29 Jan 2015
Noble. Loyal. Courageous. German Shepherds (officially known as the German Shepherd Dog by the AKC) are all of these things and more. They’ve been one of the most popular dogs in the United States almost since they were developed, a little over 100 years ago.
The German Shepherd Dog is another rather young breed. They were intentionally created by Captain Max von Stephanitz and others who shared his vision around 1899 in Germany. The breed is derived from old breeds of herding and farm dogs but Capt. Von Stephanitz wanted to develop a new breed that would excel at police work, too. And he succeeded. The breed was still very young in World War I when an American soldier rescued a young German Shepherd pup from a battlefield and brought him back to the U.S. That dog would go on to became famous in early films as Rin Tin Tin. An even earlier German Shepherd film star had been Strongheart, one of the first dogs to star in the movies. Right from the start, Hollywood was fascinated with German Shepherds and the publicity gave a big boost to the new breed. They have remained popular ever since that time.
German Shepherds are loving, energetic, and fun-loving. They are good family dogs and they get along well with children. They are exceptionally loyal and make a good guard dog for the family home. German Shepherds do require a good deal of daily exercise and they need to be groomed regularly. While we think of German Shepherds as police and military dogs, they are descended from herding dogs and they often have an innate desire to herd and organize other pets and family members. They like order and organization. They like to have roles and authority clearly defined in the home. The breed is extremely intelligent and usually easy to train. They tend to be reserved with strangers until they are certain the person is welcome in the home.

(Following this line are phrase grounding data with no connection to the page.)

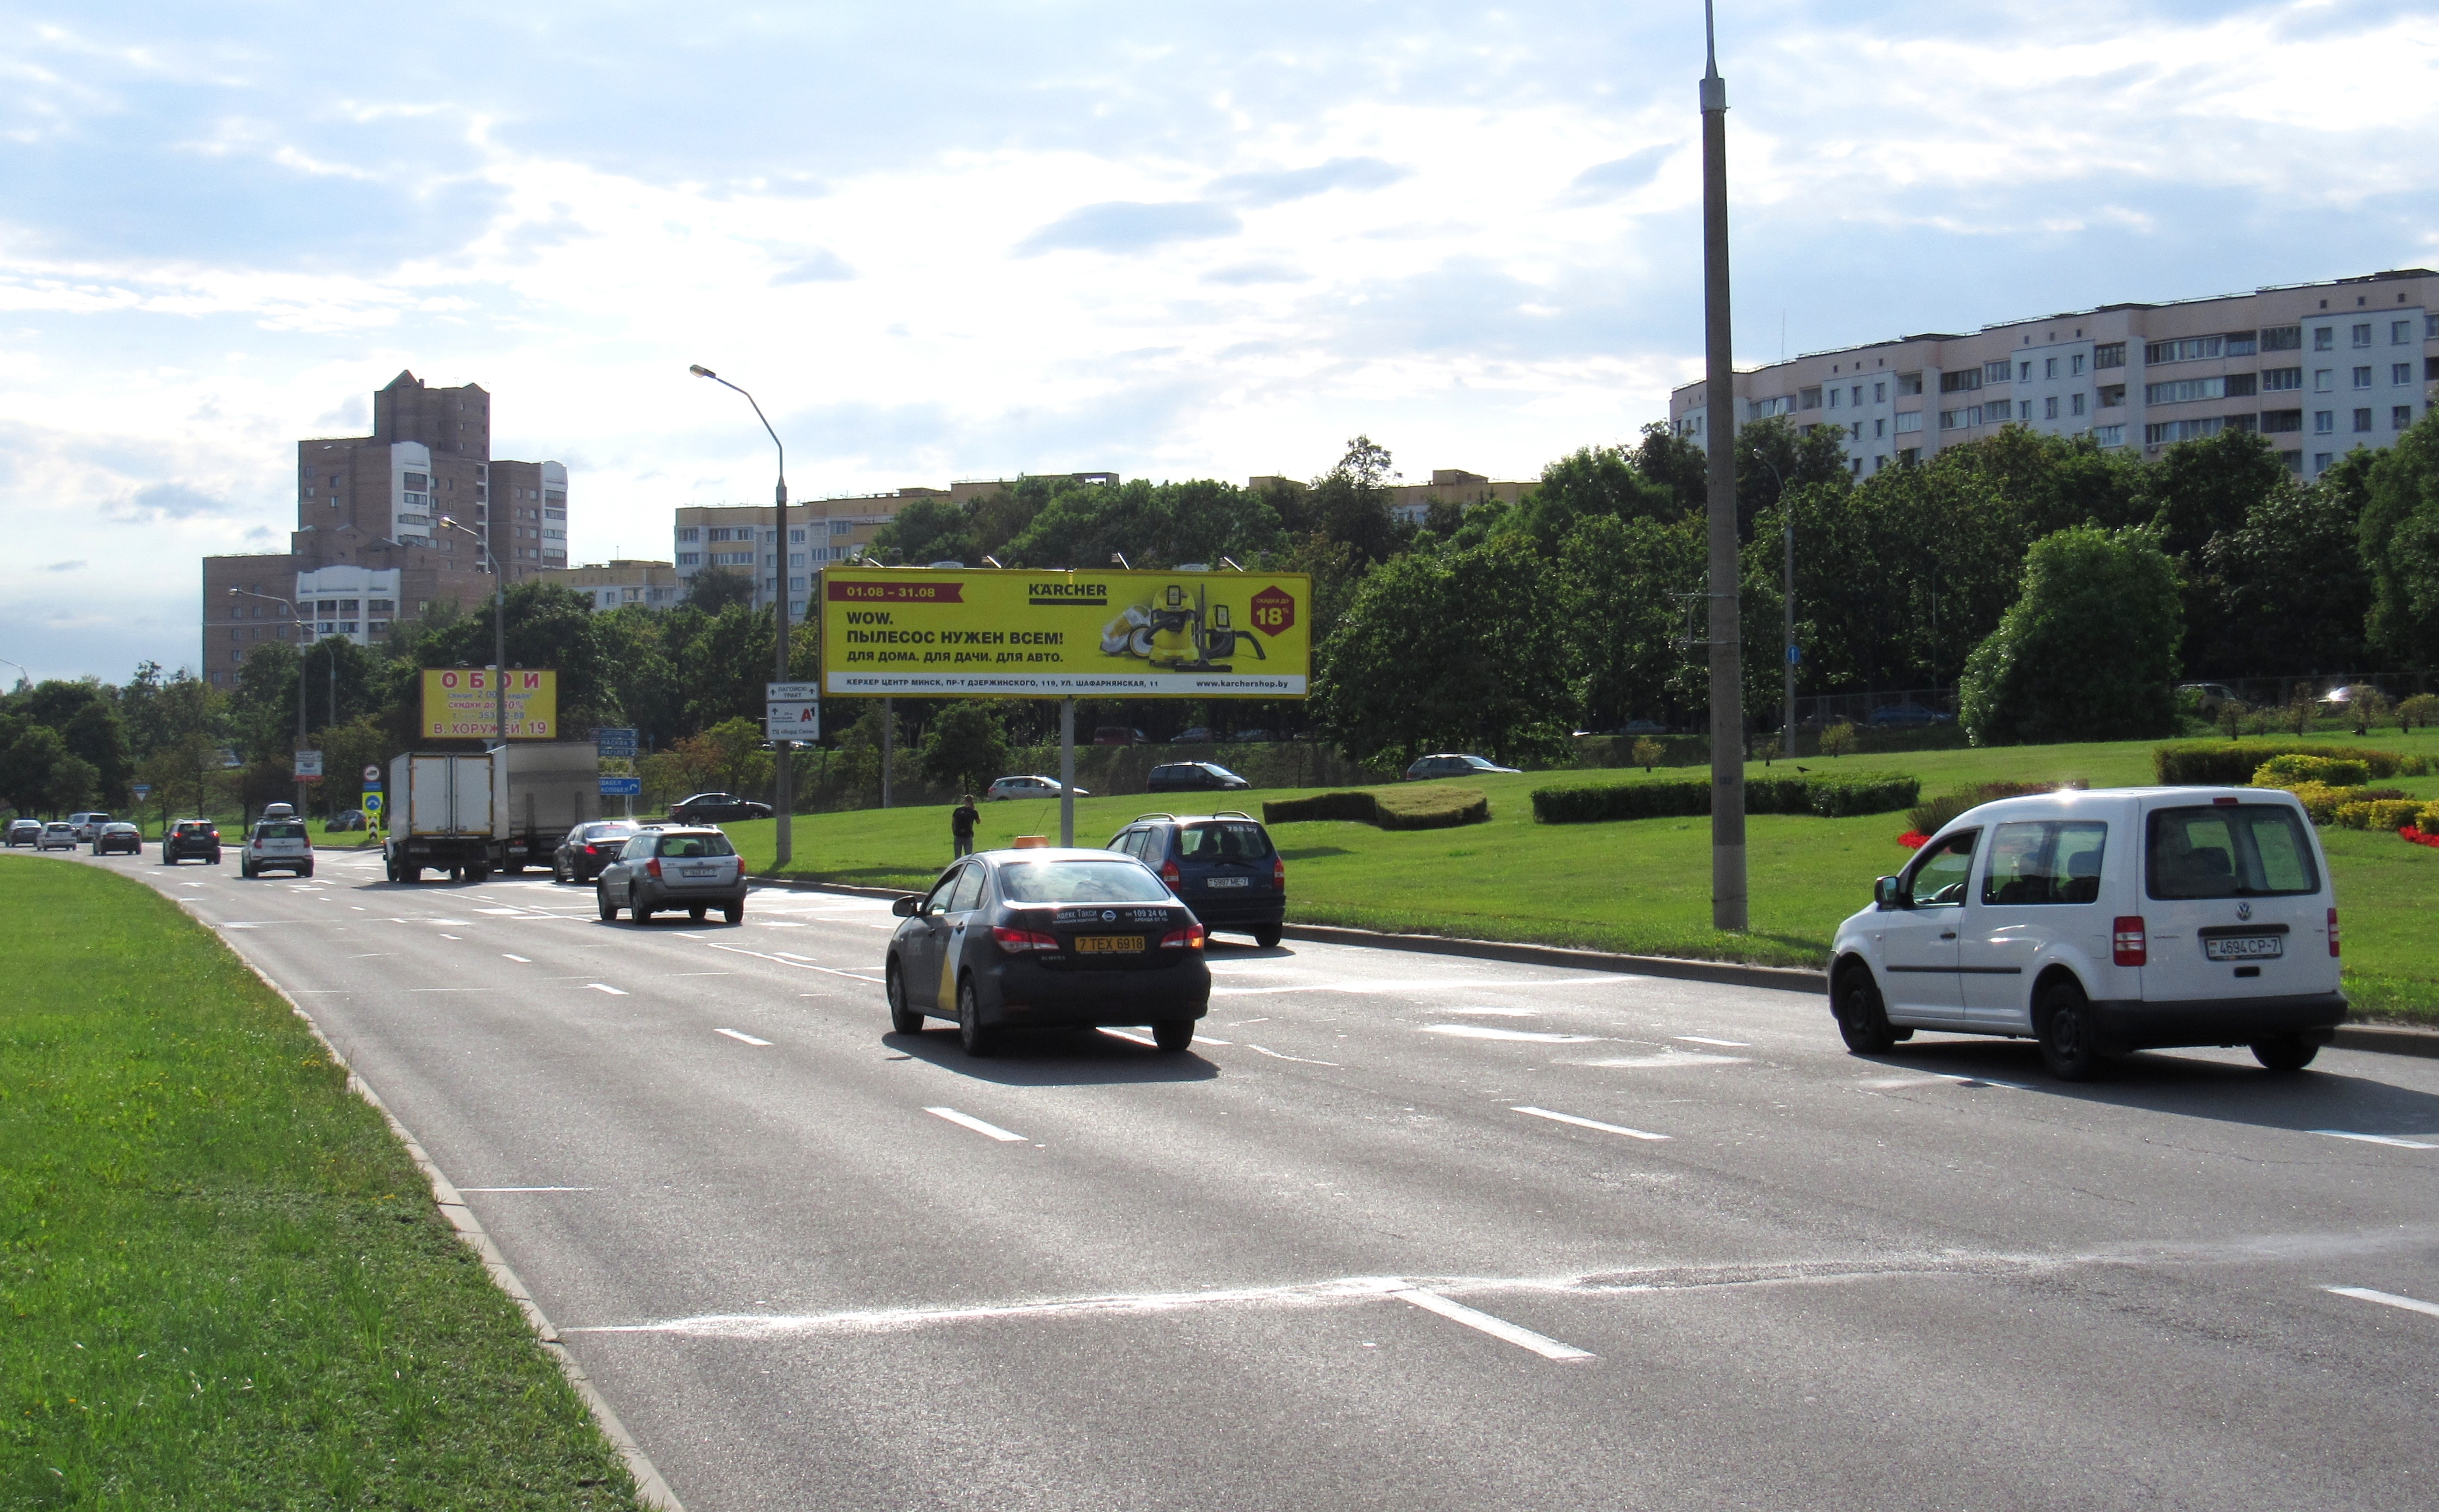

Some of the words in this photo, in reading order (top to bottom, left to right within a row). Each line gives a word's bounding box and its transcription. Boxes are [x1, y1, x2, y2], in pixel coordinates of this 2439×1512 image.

[847, 587, 884, 597] 01.08
[898, 587, 936, 598] 31.08
[1029, 583, 1107, 596] KÄRCHER
[846, 611, 894, 625] WOW.
[847, 630, 935, 644] ПЫЛЕСОС
[941, 631, 1004, 645] НУЖЕН
[1009, 632, 1064, 645] ВСЕМ!
[847, 651, 875, 663] ДЛЯ
[878, 652, 920, 663] ДОМА.
[924, 652, 951, 664] ДЛЯ
[955, 652, 992, 664] ДАЧИ.
[996, 652, 1023, 664] ДЛЯ
[1026, 652, 1064, 663] АВТО.
[882, 679, 909, 687] ЦЕНТР
[911, 679, 944, 687] МИНСК,
[967, 679, 1039, 688] ДЗЕРЖИНСКОГО,
[1041, 680, 1058, 688] 119,
[1075, 680, 1147, 688] ШАФАРНЯНСКАЯ,
[1196, 680, 1288, 689] www.karchershop.by
[448, 701, 481, 709] скидки
[434, 723, 447, 734] В.
[528, 722, 547, 734] 19
[1077, 909, 1098, 918] Такси
[1080, 938, 1086, 950] 7
[1090, 938, 1113, 950] TEX
[1117, 937, 1144, 950] 6918
[2220, 940, 2248, 954] 4694
[2248, 939, 2278, 953] CP-7

German Shepherds stand 22 to 26 inches tall at the shoulder. They can weigh between 55 and 95 pounds. Their coat can be a lot of different colors but the most common is tan and black or red and black. Most of the color varieties have black masks on the face and black body markings. These markings can range from the classic saddle to an all-over “blanket.” Rarer color variations include sable, all black, all white, liver, and blue varieties.

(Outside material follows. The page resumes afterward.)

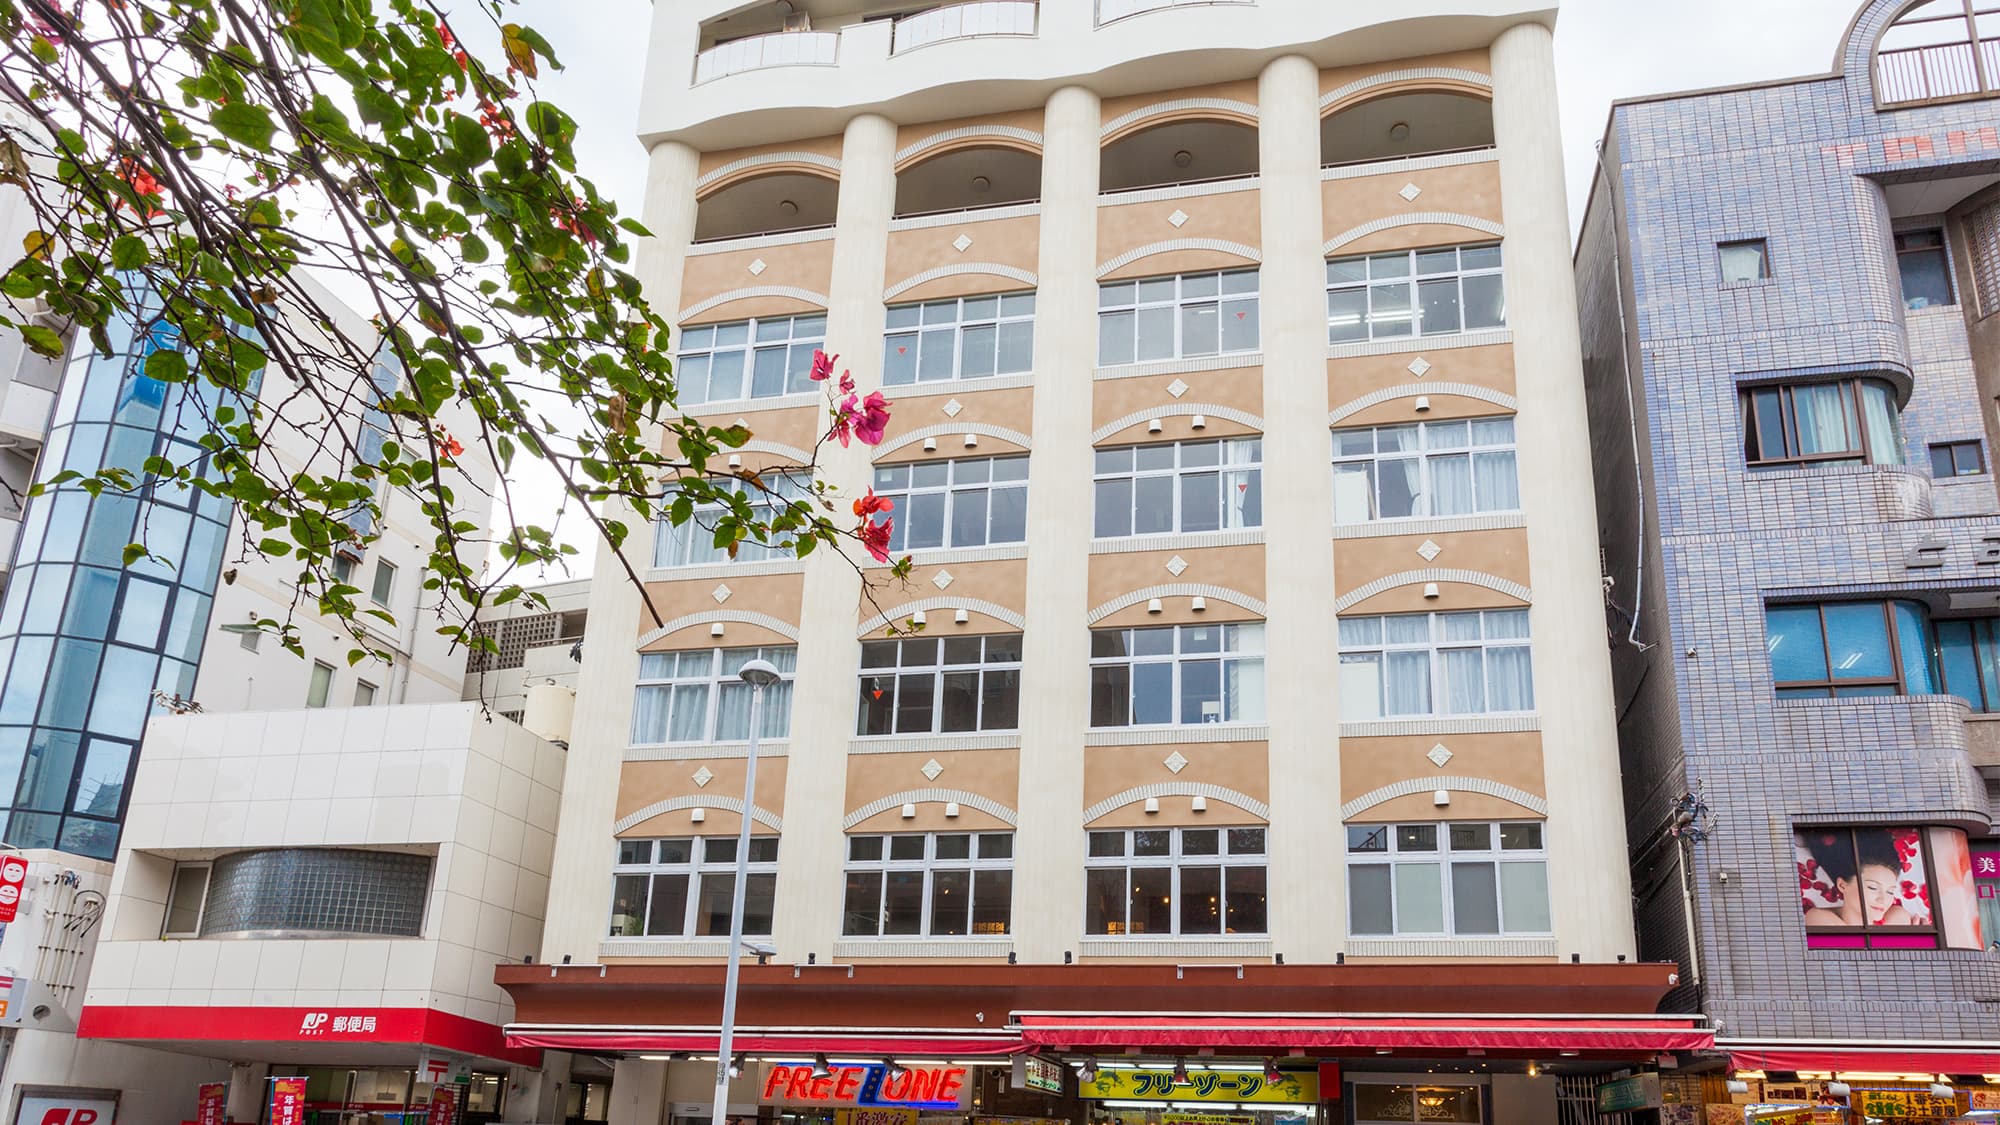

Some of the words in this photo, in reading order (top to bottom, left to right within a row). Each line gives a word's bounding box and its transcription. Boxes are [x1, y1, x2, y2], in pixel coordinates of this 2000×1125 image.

[332, 1016, 376, 1033] 郵便局
[764, 1066, 864, 1100] FREE
[1132, 1072, 1263, 1097] フリーゾーン

The lifespan of the German Shepherd is about 11 years. Like other breeds, they can be prone to certain health issues. Hip dysplasia can be a problem in the breed. According to the Orthopedic Foundation for Animals, 19.1 percent of German Shepherds which have been tested have some degree of hip dysplasia. Elbow dysplasia can also be a problem in the breed. German Shepherds rank 12th in the OFA database for elbow dysplasia with 19 percent of dogs tested having some degree of elbow dysplasia. Both of these problems can lead to arthritis as the dog ages.
Degenerative spinal stenosis can also be a problem with some dogs. Degenerative myelopathy, a neurological disease, and Von Willebrand’s disease, a bleeding disorder, also occur in the breed. In addition, bloat (gastric dilatation volvulus) and ear infections can also occur.
Before getting a German Shepherd puppy you should talk to the breeder and inquire about the health of the parents. Make sure the breeder has tested them for hip and elbow dysplasia. Health tests recommended by the German Shepherd Dog Club of America, and those which are considered optional but suggested, are listed here: http://www.caninehealthinfo.org/brdreqs.html?breed=GS
German Shepherds are one of the most versatile of all dog breeds. With their intelligence and physical abilities, these dogs can excel at nearly every kind of canine sport and activity. They are terrific at obedience, rally, agility, herding, police and military work, Schutzhund, scent work – you name it, German Shepherds can learn how to do it. If you are willing to take the time to train your dog, a German Shepherd will love to learn what you want to teach him. These dogs love to work and learn.